Reducing Client AWS Costs by 70% with LocalStack

As a cloud consulting company, we’ve seen our share of AWS bills. But when our client forwarded us their monthly statement with a concerned email, even we were surprised.

$3,247 for the month.

The breakdown was what really caught our attention:

  • Production: $1,400
  • Development & Staging: $1,847

They were literally spending more on building the product than running it in production.

The client, a fast-growing SaaS company, had approached us to optimize their AWS costs. We expected to find inefficiencies in production environments—oversized instances, unused resources, that sort of thing. Instead, we discovered something completely different.

Development was the real problem

Six months earlier, the team had just 3 developers, a serverless AWS architecture, and manageable cloud bills. Nothing unusual. Then the team grew to 8 developers, and things got expensive fast.

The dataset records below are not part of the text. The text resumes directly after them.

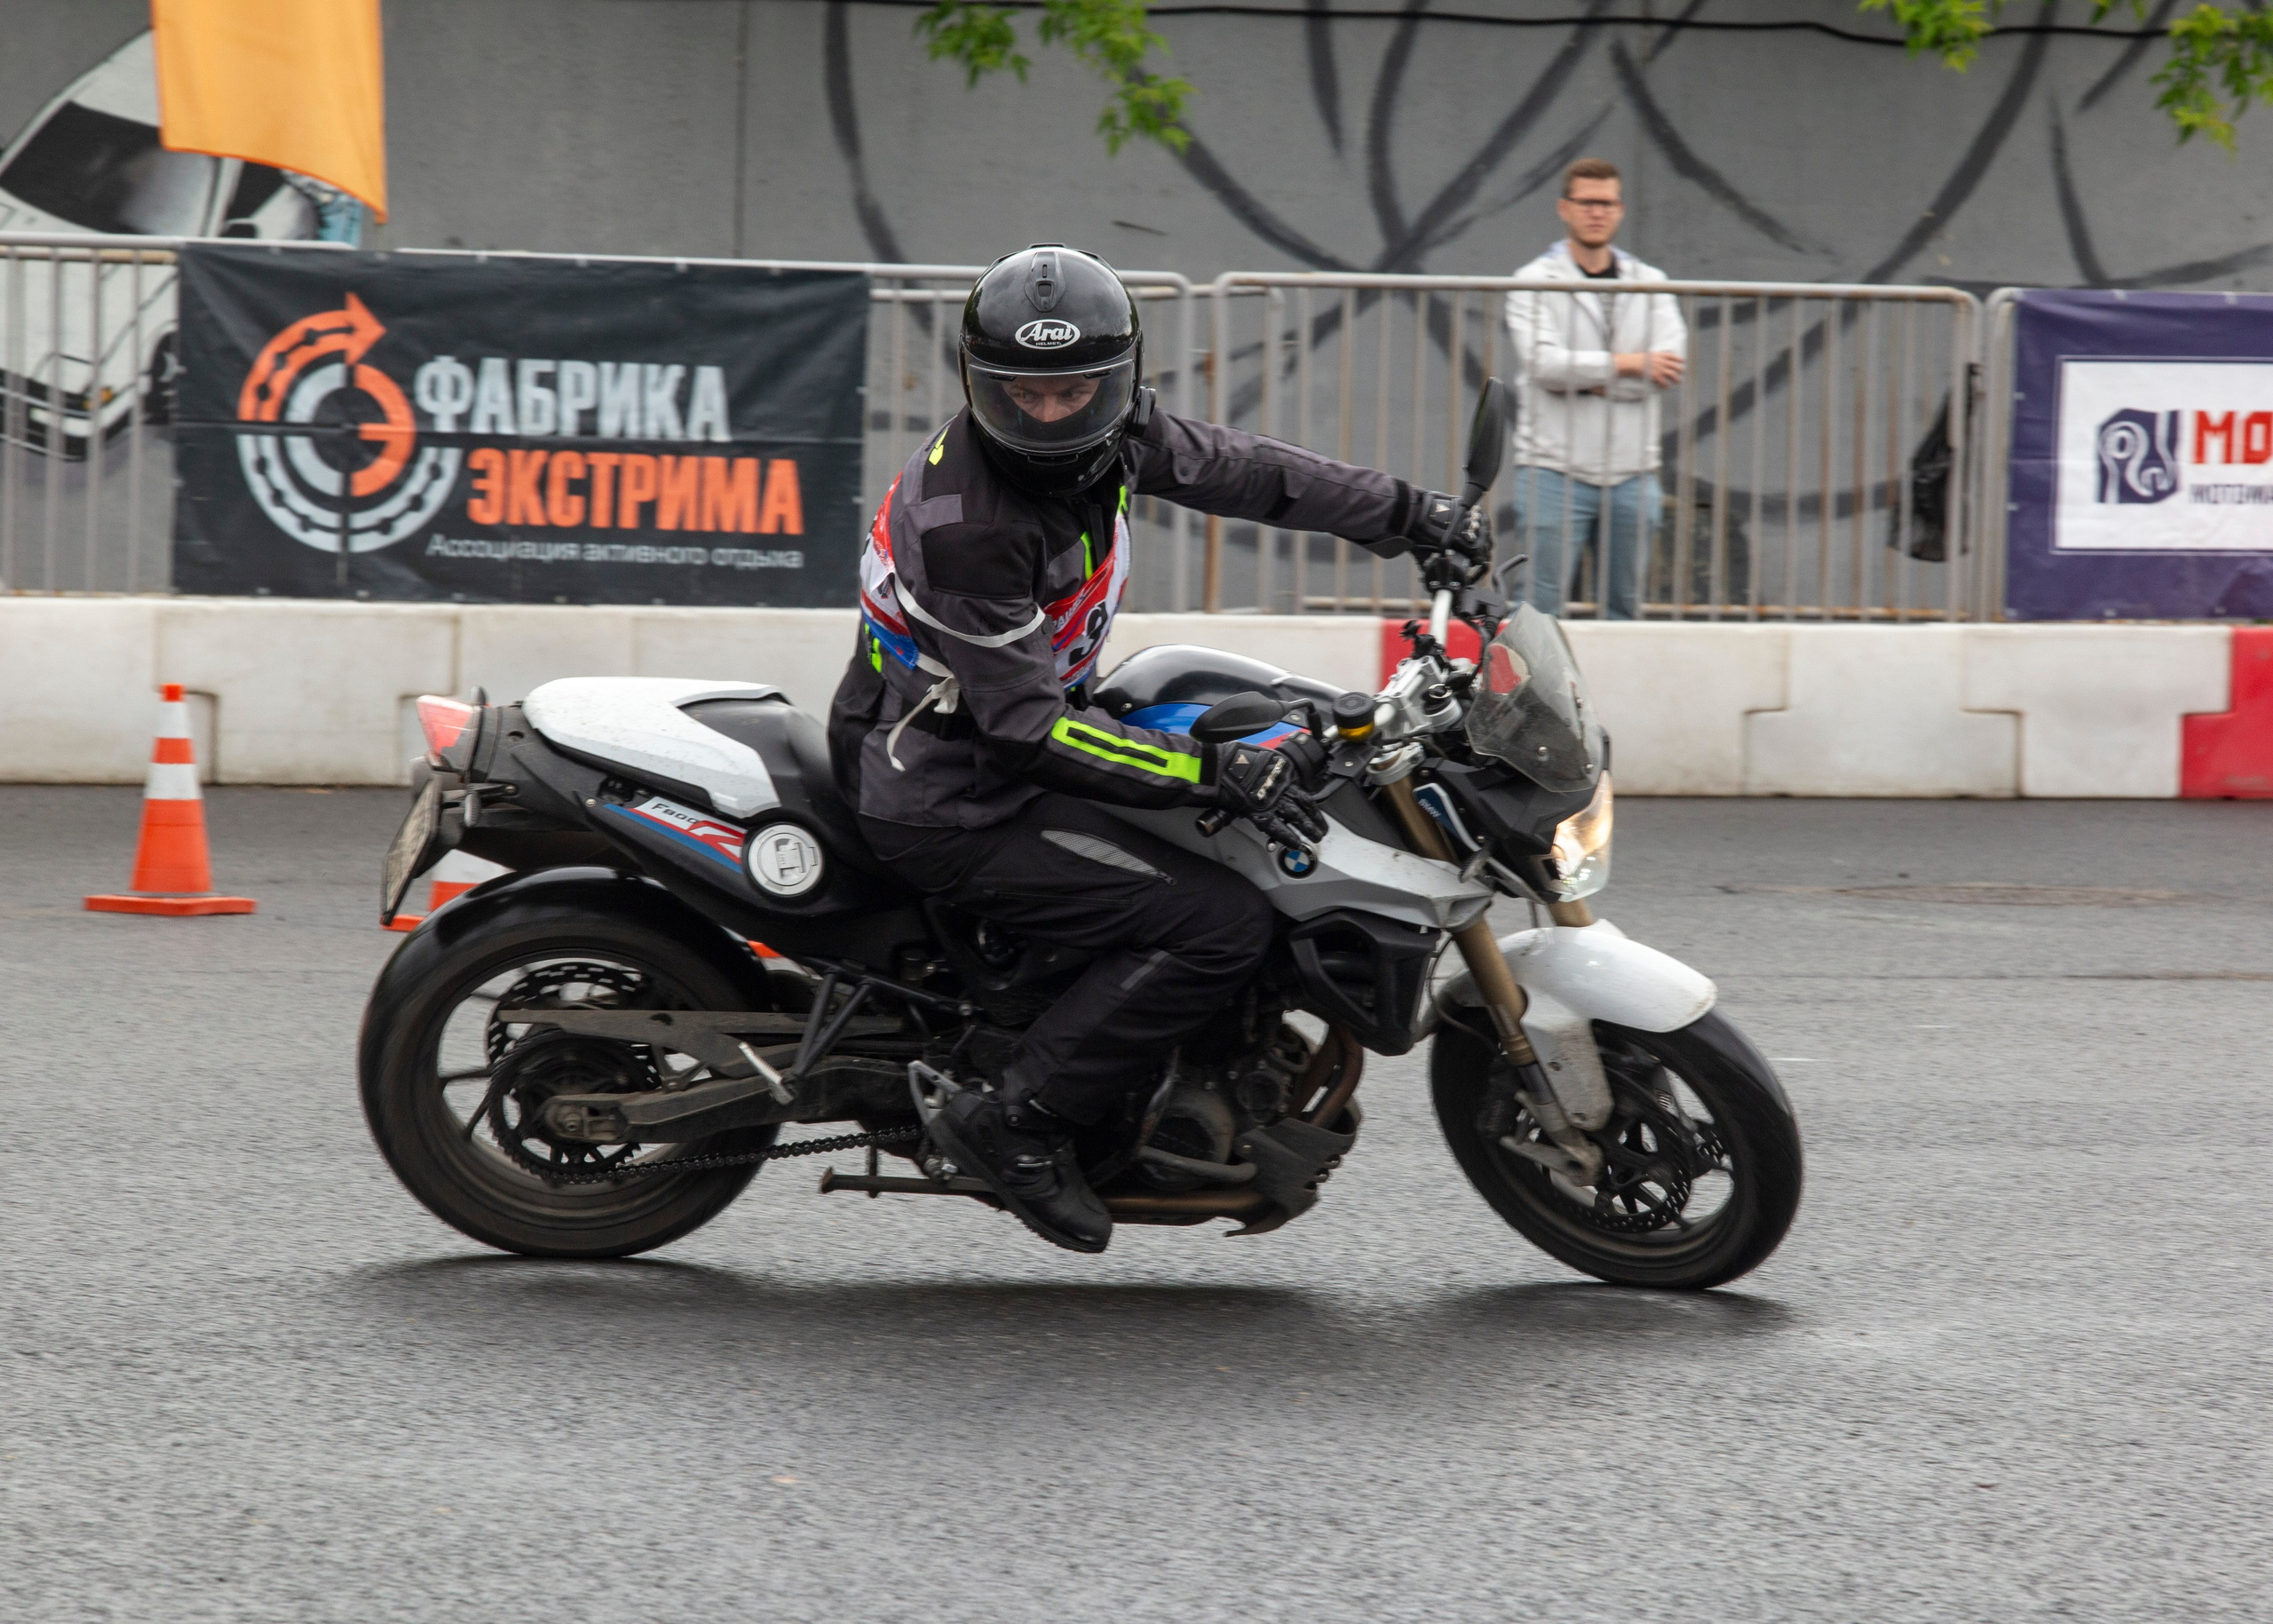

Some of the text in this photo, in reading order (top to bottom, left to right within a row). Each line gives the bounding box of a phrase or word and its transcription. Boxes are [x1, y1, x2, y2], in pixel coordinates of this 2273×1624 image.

[1020, 322, 1073, 342] Arai
[416, 355, 731, 442] ФАБРИКА
[467, 448, 804, 535] ЭКСТРИМА
[424, 533, 804, 570] Ассоциация активного отдыха
[1417, 798, 1442, 818] BMW
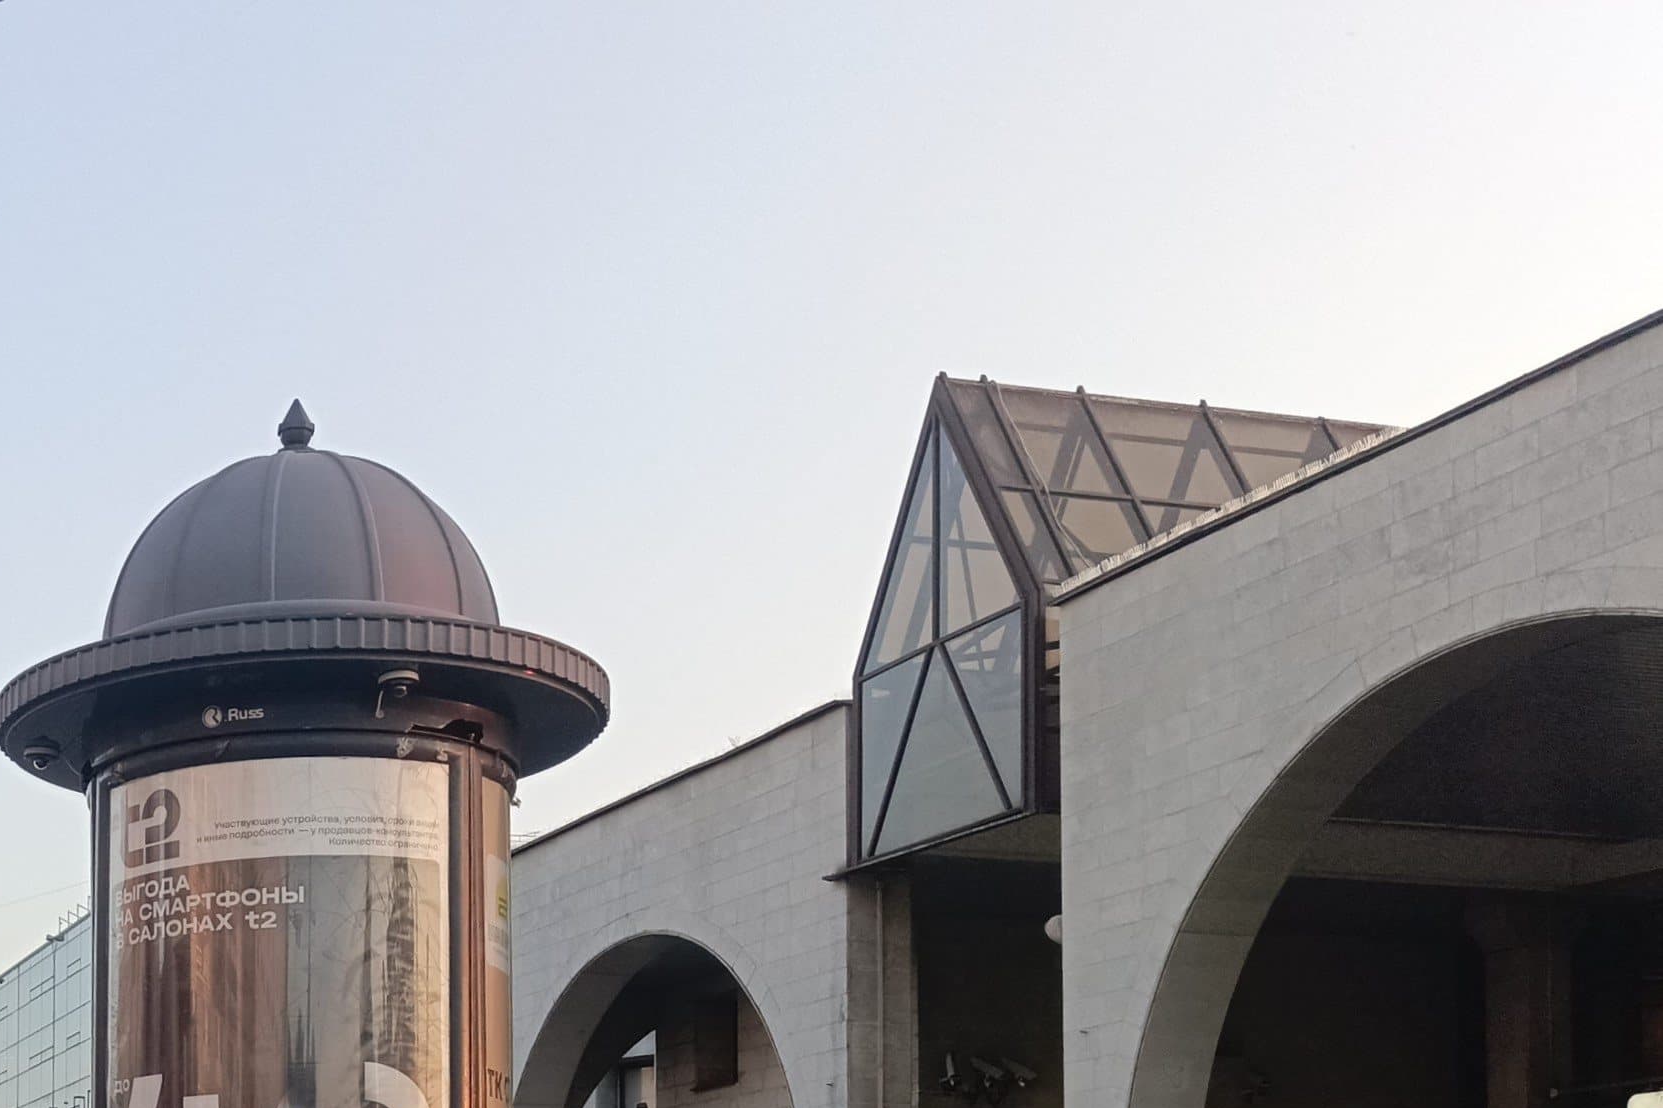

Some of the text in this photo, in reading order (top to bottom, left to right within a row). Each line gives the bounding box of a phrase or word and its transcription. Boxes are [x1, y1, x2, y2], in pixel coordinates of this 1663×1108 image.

[227, 707, 265, 722] Russ
[229, 827, 294, 842] подробности
[329, 836, 386, 848] Количество
[115, 874, 190, 908] ВЫГОДА
[114, 886, 305, 929] НА СМАРТФОНЫ
[128, 912, 233, 945] САЛОНАХ
[244, 910, 278, 930] t2

After a junior developer accidentally deleted a shared AWS resource (we’ve all been there), the team made what seemed like a reasonable decision: “Each developer should have their own AWS environment.”

In practice, this meant:

  • 8 developers meant 8 full AWS stacks running 24/7.
  • Duplicated Lambda functions, DynamoDB tables, S3 buckets across all environments.
  • $780 per month just for developer environments.

To their credit, they followed AWS best practices almost perfectly. Integration tests on every pull request, temporary AWS environments spun up per PR, tests running against real AWS services.

Their monthly CI/CD costs:

  • ECS Fargate containers: $300
  • RDS test databases: $60
  • CloudFormation operations: $80
  • Data transfer: $42
  • Miscellaneous charges: $42
  • Total: $524 per month.

Like most growing teams, they also had the usual suspects: EC2 instances left running after tests, an Elasticsearch domain from “that one experiment” three months ago, orphaned load balancers nobody remembered creating. Quietly adding another $145 per month.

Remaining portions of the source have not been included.